EJB, Enterprise java bean- Why EJB (Enterprise Java Beans)?

EJB, Enterprise java bean- Why EJB (Enterprise Java Beans)?

EJB, Enterprise java bean- Why EJB (Enterprise Java Beans)?

Why EJB (Enterprise Java Beans)?

      

Enterprise Java Beans or EJB for short is the server-side component architecture for the Java 2 Platform, Enterprise Edition (J2EE) platform. EJB technology enables rapid and simplified development of distributed, transactional, secure and portable applications based on Java technology.

Sun Microsystems in the beginning put forward Java Remote Method Invocation (RMI) API as a distributed object computing technology. RMI specifies how to write objects so that they can talk to each other no matter where on the network they are found. At its core, however, RMI is nothing more than an API to which our distributed objects must conform. RMI says nothing about about other characteristics normally required of an enterprise-class distributed environment. For example, it does not say anything about how a client might perform a search for RMI objects matching some criteria. It also does not specify how those distributed objects work together to construct a single transaction. Thus there is a realization for a need of a distributed component model.

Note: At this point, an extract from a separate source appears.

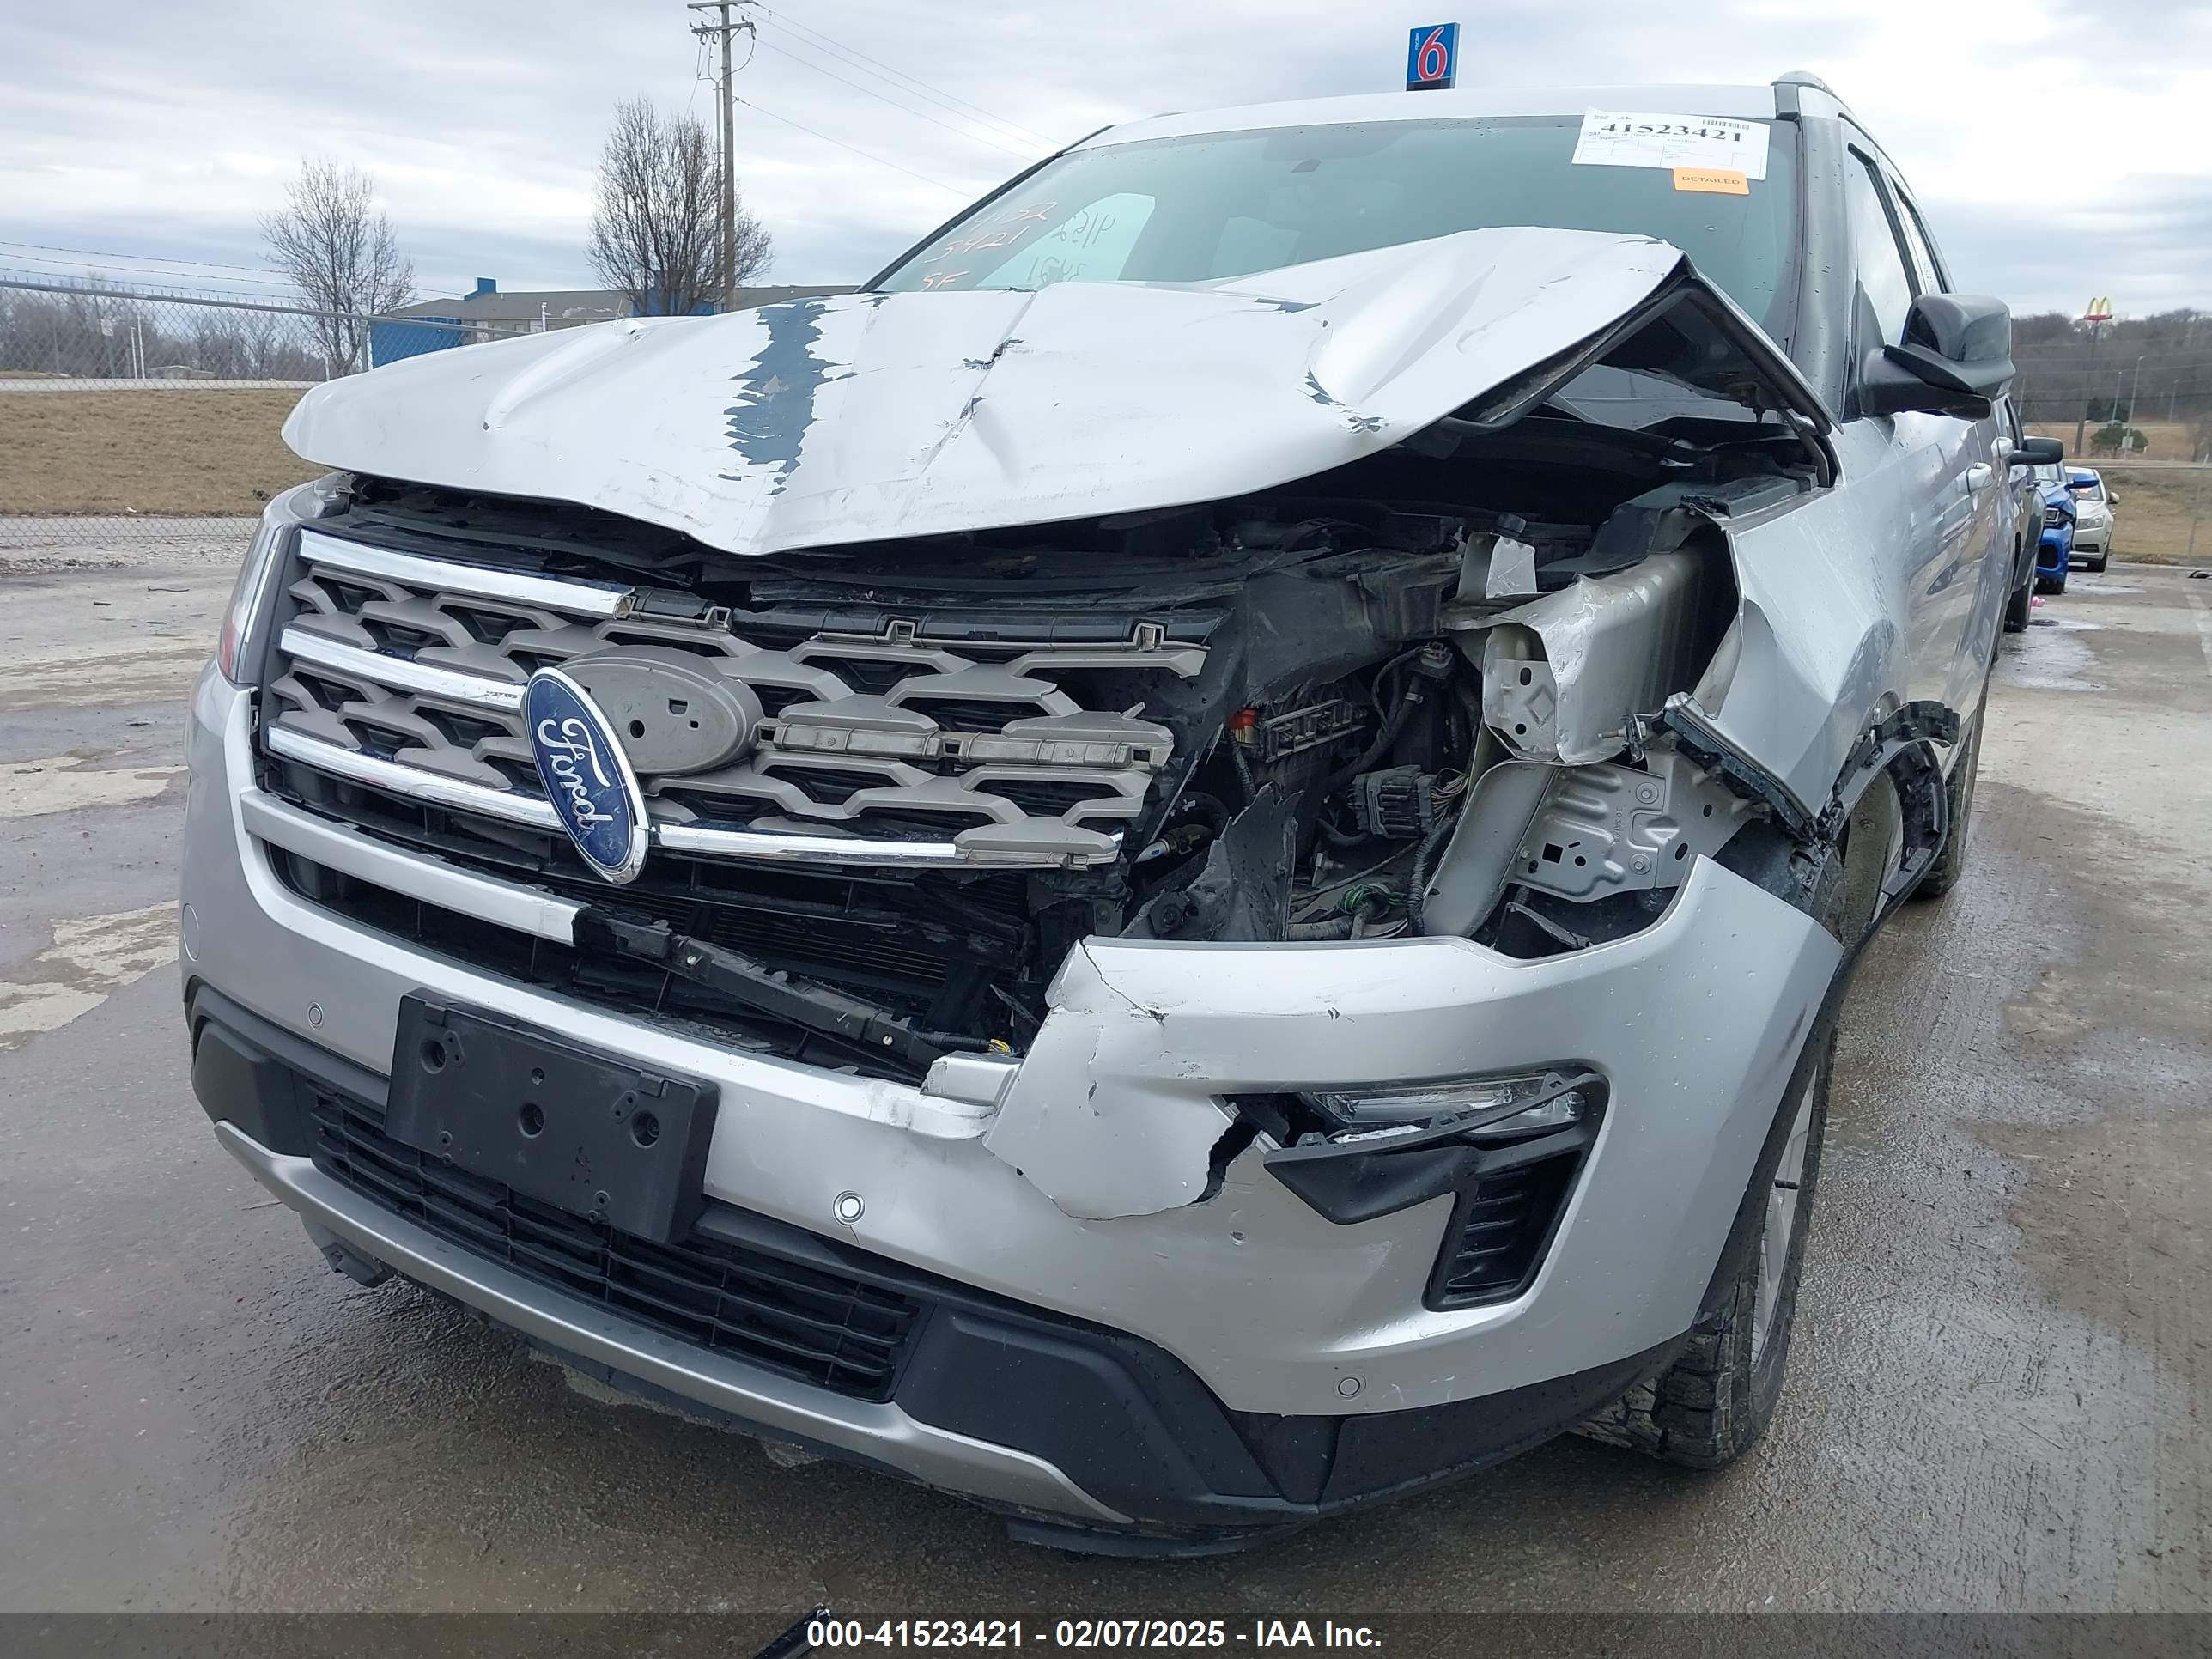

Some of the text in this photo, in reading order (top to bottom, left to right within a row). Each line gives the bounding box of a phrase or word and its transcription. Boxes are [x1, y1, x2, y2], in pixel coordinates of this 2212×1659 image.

[1418, 27, 1448, 81] 6
[1601, 123, 1741, 142] 41523421
[1682, 176, 1740, 185] DETAILED
[538, 718, 614, 843] Ford

A component model is a standard that defines how components are written so that systems can be built from components by different developers with little or no customization. There is already a component model called as JavaBeans in Java. It is a component model that defines how we write user interface components so that they may be plugged into third-party applications. The magic thing about JavaBeans is that there is very little API behind the specification; we neither implement nor extend any special classes and we need not call any special methods.

Enterprise JavaBeans is a more complex extension of this concept. While there are API elements behind Enterprise JavaBeans, it is more than an API. It is a standard way of writing distributed components so that the written components can be used with the components we write in someone else's system. RMI does not support this ability for several reasons listed below. Here comes the features that are not available with RMI.

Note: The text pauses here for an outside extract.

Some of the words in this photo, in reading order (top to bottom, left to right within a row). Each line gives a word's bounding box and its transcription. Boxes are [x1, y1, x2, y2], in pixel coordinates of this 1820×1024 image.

1. Security - RMI does not worry about security. RMI alone basically leaves our system wide open. Any one who has access to our RMI interfaces can forge access to the underlying objects. If we do not impose complex security restrictions to authenticate clients and verify access by writing extra code, we will have no security at all. Thus our components are therefore unlikely to interoperate with other's components unless we agree to some sort of security model.

2. Searching - RMI provides the ability to do a lookup only for a specific, registry-bound object. It specifies nothing about how we find unbound objects or perform searches for a group of objects meeting certain requirements. For example, writing a banking application, we might want to support the ability to find all accounts with negative balances. In order to do this in an RMI environment, we would have to write our own search methods in bound objects. Our custom approach to handling searches will not work with someone's else custom approach to searching without forcing clients to deal with both search models.

3. Transactions - The most important feature for a distributed component model is transactions. RMI does not support transactions. If we develop an RMI-based application, we need to address how we will support transactions. That is, we need to keep track of when a client begins a transaction, what RMI objects that client changes, and commit and roll back those changes when the client is done. This is further compounded by the fact that most distributed object systems support more than one client at a time. Different transaction models are much more incompatible than different searching or security models. While client coders can get around differences in search and security models by being aware of those differences, transaction models can almost never be made to work together.

4. Persistence - RMI does not care about how RMI objects persist across time. There is a persistence utility that supports saving RMI objects to a database using JDBC. But it is very difficult to integrate with RMI objects designed to use some other persistence model because the other persistence model may have different persistence requirements.

Enterprise JavaBeans addresses all of these points so that we can literally pick and choose the best designed business components from different vendors and make them work and play well with one another in the same environment. EJB is now the standard component model for capturing distributed business components. It hides from us the details we might have to worry about ourself if we were writing an RMI application.